For his part, leader of the Sadrist movement Riyad al-Masoudi told Al-Monitor, "The Sadrist movement is the first to respond to any violation of the principle of separation of powers, especially the attempt to marginalize the independence of the judiciary. However, the Iraqi judiciary has failed to address cases of corruption, and it has become a political tool. The protests staged by Iraq's pro-Iran Coordination Framework were brandishing the photos of the head of the Supreme Judicial Council, Faiq Zaidan. This is proof of the politicization of the judiciary, which is supposed to steer clear of political rivalries.”
Since the October 2021 parliamentary elections, Iraq has witnessed a political struggle over the government formation between the Sadrist movement and Coordination Framework forces who want to keep the movement away from the Cabinet.
Mahmoud al-Hashemi, a researcher at the Union Research Center in Baghdad, told Al-Monitor, “The judiciary is the basic pillar of any rule, and the force of law expresses the identity of the nation and its civilization. The issuance of arrest warrants by the judiciary against supporters of the Sadrist movement who blockaded the Judicial Council building is in line with the applicable laws and regulations in the Penal Code that apply to everyone. Laws may not be applied to a specific group of persons only. The leaders of the Sadrist [movement] must be aware that everyone has to accept the judicial decisions in order to prevent chaos.”
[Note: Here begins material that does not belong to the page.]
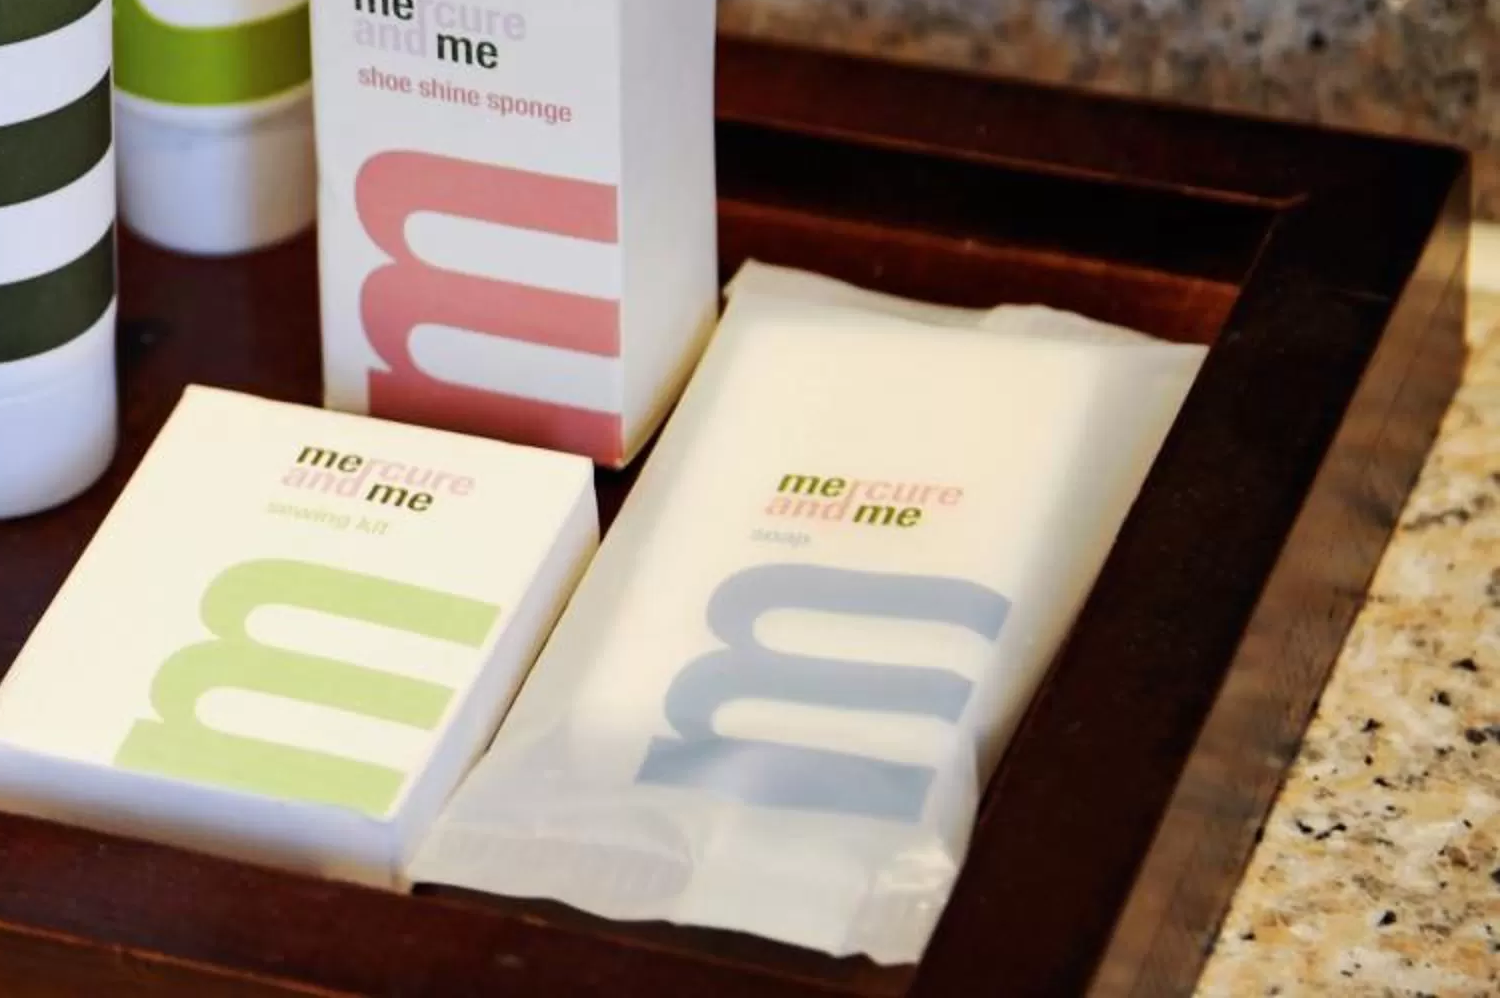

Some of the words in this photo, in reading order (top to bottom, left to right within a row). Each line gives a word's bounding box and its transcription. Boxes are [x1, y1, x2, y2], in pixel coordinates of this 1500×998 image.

He added, “Respecting each authority and its impartiality allows resolving political crises. Leaders must cooperate with the judiciary with professionalism and respect; otherwise, the concept of the state would be undermined.”
Meanwhile, political analyst Hassanein Ali al-Saaedi, head of the Kafaat Studies Center, told Al-Monitor, "The lack of serious execution of the arrest warrants for the leaders of the Sadrist movement could be a political pressure card. If these warrants were serious, the Federal Court would have asked the government to enforce them.”
He explained that "issuing these warrants will further encourage the Sadrist movement's supporters to achieve their goals. They have become certain that issuing arrest warrants at this speed means that the Coordination Framework is manipulating the judiciary. These warrants are likely to worsen the political deadlock and trigger an escalated reaction among the public and Sadrists.”
Fadel Abu Ragheef, a security analyst and an expert at the Development Research Center, told Al-Monitor, “The judiciary will take into account the political circumstances and the conflict between the parties, because it is well aware that enforcing the warrants will generate major problems.”
These accusations against the Iraqi judiciary are not new. It has previously been accused of failing to address the cases of the victims of the protests and abuses of freedom of expression, and ignoring serious corruption cases. The turbulent situation in Iraq and the possibility of it spiraling into chaos could jeopardize the judiciary.